なんだ……酔ってねえのか?と、大地が驚いて博貴の姿を目で追うと、立つには立ったが、歩き出すと振り子のように左右に身体を振り、足下は頼りなかった。
「おい……待てよ……」
後ろから追いかけ、大地は博貴の腕を掴んだが、その足取りは止まらなかった。
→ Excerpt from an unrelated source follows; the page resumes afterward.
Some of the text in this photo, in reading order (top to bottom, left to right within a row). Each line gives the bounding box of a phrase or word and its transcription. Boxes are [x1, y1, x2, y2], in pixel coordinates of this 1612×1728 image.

逆に博貴は大地を腕にぶら下げたまま、その身体を引きずって歩き出した。
お前は、ばんえいの馬か?
「大良……やめとけって……」
木にぶら下がる猿のような格好で、大地は博貴によってワインセラーまで引きずられた。
博貴はおもむろにビトンのキーホルダーを取り出し、セラーの扉を開ける。すると随時適温に調節されていることが分かるように、ひんやりとした空気を大地の頬に感じさせた。
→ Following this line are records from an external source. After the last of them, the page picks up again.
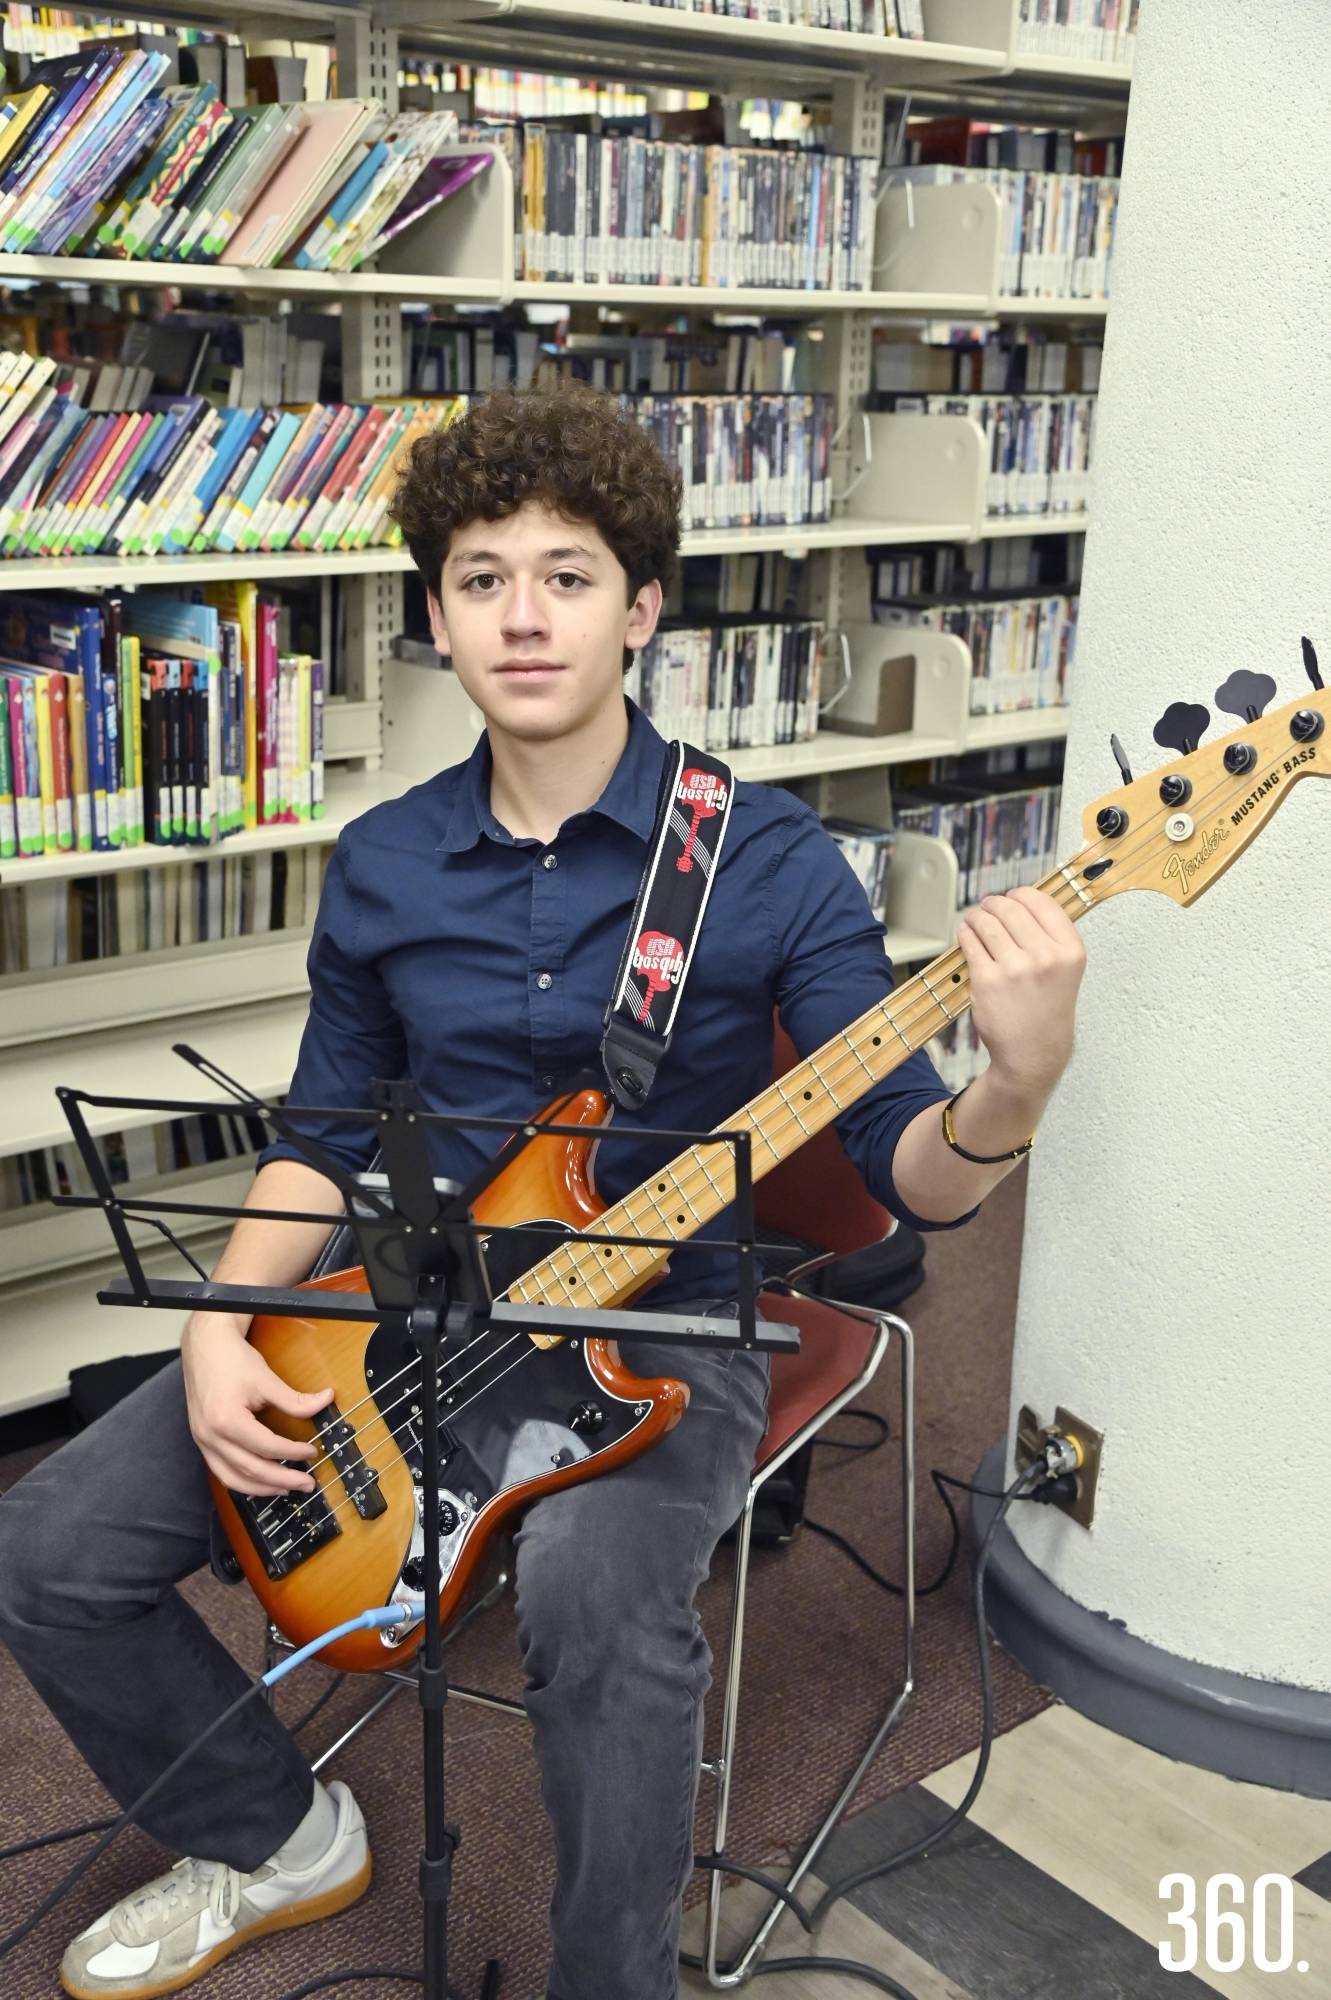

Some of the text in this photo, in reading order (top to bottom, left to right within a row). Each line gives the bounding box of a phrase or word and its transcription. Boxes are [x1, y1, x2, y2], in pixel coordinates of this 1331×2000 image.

[677, 782, 728, 811] Gibson
[690, 773, 717, 789] USA
[1230, 747, 1317, 826] MUSTANG BASS
[1162, 827, 1227, 895] Fender
[647, 937, 675, 957] USA
[633, 950, 684, 985] Gibson
その中にやはり大地を腕にぶら下げたまま博貴は入り、木で作られた専用の棚を眺めていた。
「止めた方が良いぞ……」
とはいえ、大地の目はワインのボトルに注がれていた。
「……飲む。飲むんだよ大地。つき合ってくれるだろう……?」
ニッコリ笑った顔で博貴は既にワインを手に持っている。そのワインはバローロでしかもリゼルヴァの表記がされたものだ。
「そりゃ……お前が良いって言うなら……」
そのワインは博貴のコレクションの一本で、ずっと大地が狙っていたワインだった。それを開けようと言うのだから、嫌だとは言えなかった。
「じゃあ……二人で酒盛りしよう……」
嬉しそうに博貴はあと数本ワインを片手に持つと、よろよろとワインセラーから出ると、扉に鍵をかけ、ローソファーの所に倒れ込むように座った。
「大丈夫か?」
ワイン……
とは言えずに、大地は今の拍子に床に転がったワインが無事なのを確認した。
「大丈夫だよ……大ちゃんは本当に私のことを好きなんだねえ……」
ワインを床に転がしたまま、博貴は大地に向かって擦り寄ってくる。
うう……ワイン……
酔っぱらいは良いからワイン……
大地は博貴に羽交い締めされながらも、視線はワインのボトルから離れなかった。
「な、飲むんだろ?」
チラとワインから視線を上げ博貴を見ると、半分眠ったような目をしてこちらに重心をかけてきた。
「おいっ……寝るなよ。飲むんだろっ!俺飲むぞ!」
滅多に博貴は大地にアルコールを飲む許可を与えて貰えないのだ。もちろん博貴が居ないときにこっそりとビール位は飲むが、ワインは管理を博貴がしているために、大地は一本たりとも手を付けられない。だから博貴が良いと言ってくれるのをいつも待っているのだ。
「あ……ああ、そうだったね……」
半眼の博貴はそう言って、大地から離れるとローソファーにまた腰をかけた。
身体が自由になった大地は床に転がったワインのボトルを机に並べると、自分からグラスを用意し、コルク抜きもキッチンから持ってきた。
博貴抜きでもいいし……
えへへと思いながら、半分寝転けている博貴を放って、大地はワインのコルクを開けた。すると芳醇なブドウの香りが鼻を掠め、思わず大地は喉がなった。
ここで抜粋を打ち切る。